At Luke Air Force base (Utah), I mentioned the F-16s leaving there. We have two fighter squadrons there. One is an Associate Squadron and one is a squadron that owns airplanes. The airplanes are going to leave. That squadron is--the name is going to go elsewhere. I'll mention it in a minute.
The Associate Squadron will stay there and continue to do training. Our Expeditionary Combat Support folks in that wing will stay there, and that's the highlights of that.
Next slide.
Okay. Let me talk about this for a minute. This big red number there. It's a large number. So we've affected thousands of lives in the base closure process. We're going to affect thousands more with this. I mentioned earlier--I kind of described to you what a PBD is. The Air Force was presented a bill and a mandated cut, active Guard and Reserve, of a certain number of people--40,000 people to be exact, I believe.

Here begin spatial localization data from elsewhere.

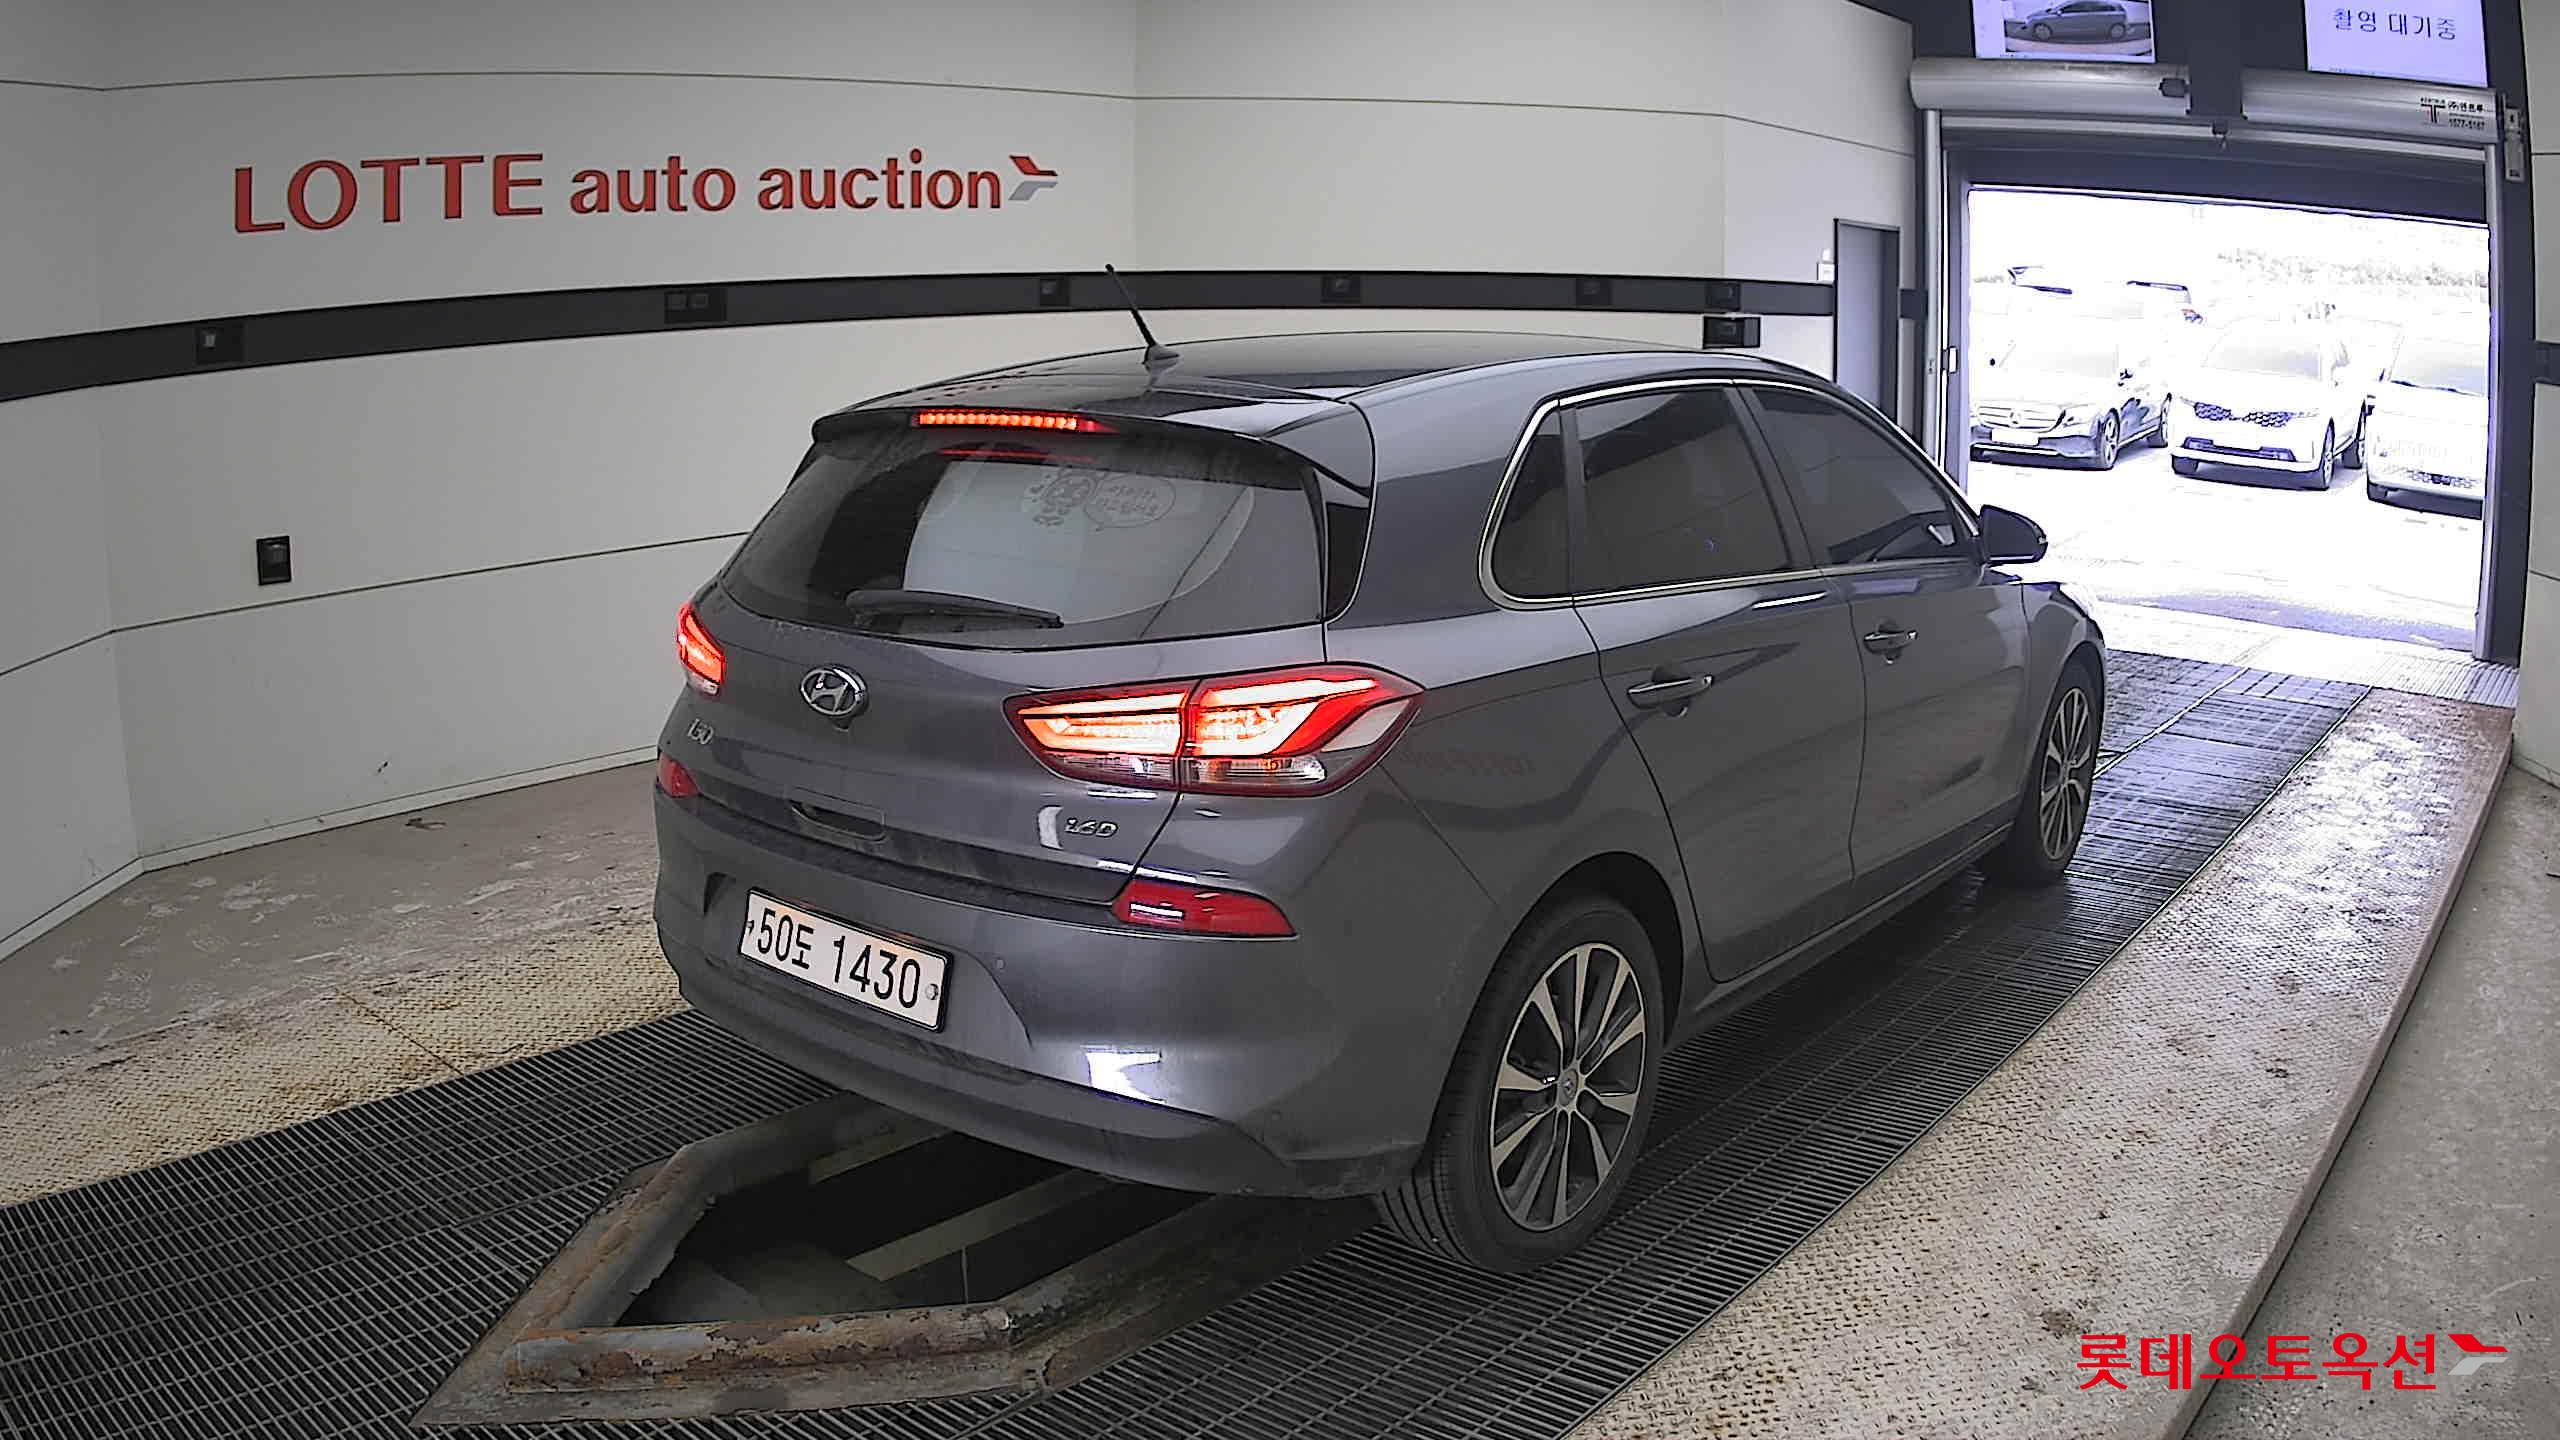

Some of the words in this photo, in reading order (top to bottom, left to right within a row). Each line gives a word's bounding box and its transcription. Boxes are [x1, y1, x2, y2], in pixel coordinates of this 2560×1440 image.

[2333, 8, 2377, 33] 촬영
[2388, 12, 2456, 40] 대기중
[234, 153, 544, 233] LOTTE
[569, 155, 737, 214] auto
[757, 148, 1001, 210] auction
[757, 907, 815, 970] 50도
[833, 935, 921, 1009] 1430

And associated with that is a lot of money. The Air Force is struggling with its piece of that cut, and we are as well. Again, this is forced shaping, so to speak.
Now, let me describe how we're going to do this. This is not something we asked for. It's what we were issued, and we've paid our bill, and we had to develop our long-range budget, what we call the program, the POM. We built this into our POM, as we were instructed to do. We followed the rules. We paid all our bills, and funded all of the things the Air Force has asked us to fund in our Total Force Integration effort, which I'll show on the next slide--next set of slides.

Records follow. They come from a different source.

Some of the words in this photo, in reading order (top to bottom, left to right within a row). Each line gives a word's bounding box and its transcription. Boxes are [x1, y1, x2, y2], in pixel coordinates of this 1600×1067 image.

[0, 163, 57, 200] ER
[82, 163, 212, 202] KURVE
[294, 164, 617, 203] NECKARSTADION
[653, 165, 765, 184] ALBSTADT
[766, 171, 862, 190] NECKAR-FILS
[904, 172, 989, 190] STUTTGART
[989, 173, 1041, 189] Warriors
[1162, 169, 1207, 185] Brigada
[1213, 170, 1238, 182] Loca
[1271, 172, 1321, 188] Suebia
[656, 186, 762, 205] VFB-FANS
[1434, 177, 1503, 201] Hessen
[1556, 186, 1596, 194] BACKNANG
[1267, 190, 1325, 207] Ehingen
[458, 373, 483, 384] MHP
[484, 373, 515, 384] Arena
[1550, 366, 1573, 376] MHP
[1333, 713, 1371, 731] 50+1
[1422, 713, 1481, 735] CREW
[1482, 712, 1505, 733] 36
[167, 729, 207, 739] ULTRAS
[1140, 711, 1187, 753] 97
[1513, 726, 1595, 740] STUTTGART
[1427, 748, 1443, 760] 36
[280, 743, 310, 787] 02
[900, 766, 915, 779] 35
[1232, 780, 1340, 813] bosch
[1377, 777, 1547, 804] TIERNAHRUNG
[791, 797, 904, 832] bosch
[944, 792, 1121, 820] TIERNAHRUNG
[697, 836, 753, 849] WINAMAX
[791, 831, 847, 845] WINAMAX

We followed the rules. We did what the Air Force said. Now, this doesn't mean that we're happy about cuts. I'm sure the active Air Force is not happy about their cuts either. Their cuts affect us. Our cuts affect them.
But we're all issued these bills, and we're going to pay them. And it's painful, but here's how we're going to do it. About one-third of these cuts will come from restructuring in the medical world. The Air Force Surgeon General has told us over the course of a few months that we have way too much capability medically. That's their term.
We have always built what they've told us they wanted us to provide, but now they've changed what they want us to provide, and that's okay.
They don't want us anymore to backfill in the states when they deploy a medical squadron or a hospital. They don't want us to backfill them anymore. They're going to cover the medical requirements back home through a different means. Whether it's TRICARE or contracts or whatever, they just don't want us doing it. That's okay.
And they want us to concentrate on a very core capability of ours, I'd call it, the air medical evacuation business, for which we have about 60 percent of the mission today. They want us to work on the en route air medical evacuation support that we're very good at. And so we'll continue to do that.
So between that air medical evacuation support and what we need to have in our local flying wings for medical capability so that we can give physicals and shots basically because we have to support ourselves medically back home. That doesn't mean we do medical care. We do physicals and shots.
So we'll have that air medical business. We'll have the back home support we have to have for keeping our units running day to day. And we're going to eliminate the rest, because the Air Force says they need no more capability than that from us.
So that's going to give us about 2,500 of these positions, okay, out of 7,700. So it's close to a third.
There's pain involved in this. Some of this comes from cuts in the unit world and some of it comes from the Individual Mobilization Augmentee (IMA) world. We are also going to make some cuts. We're going to cut a flying wing out of these required cuts. We're going to cut another wing, additional to the base closure business, to be identified later. We're going to cut some other units that we call geographically separated units.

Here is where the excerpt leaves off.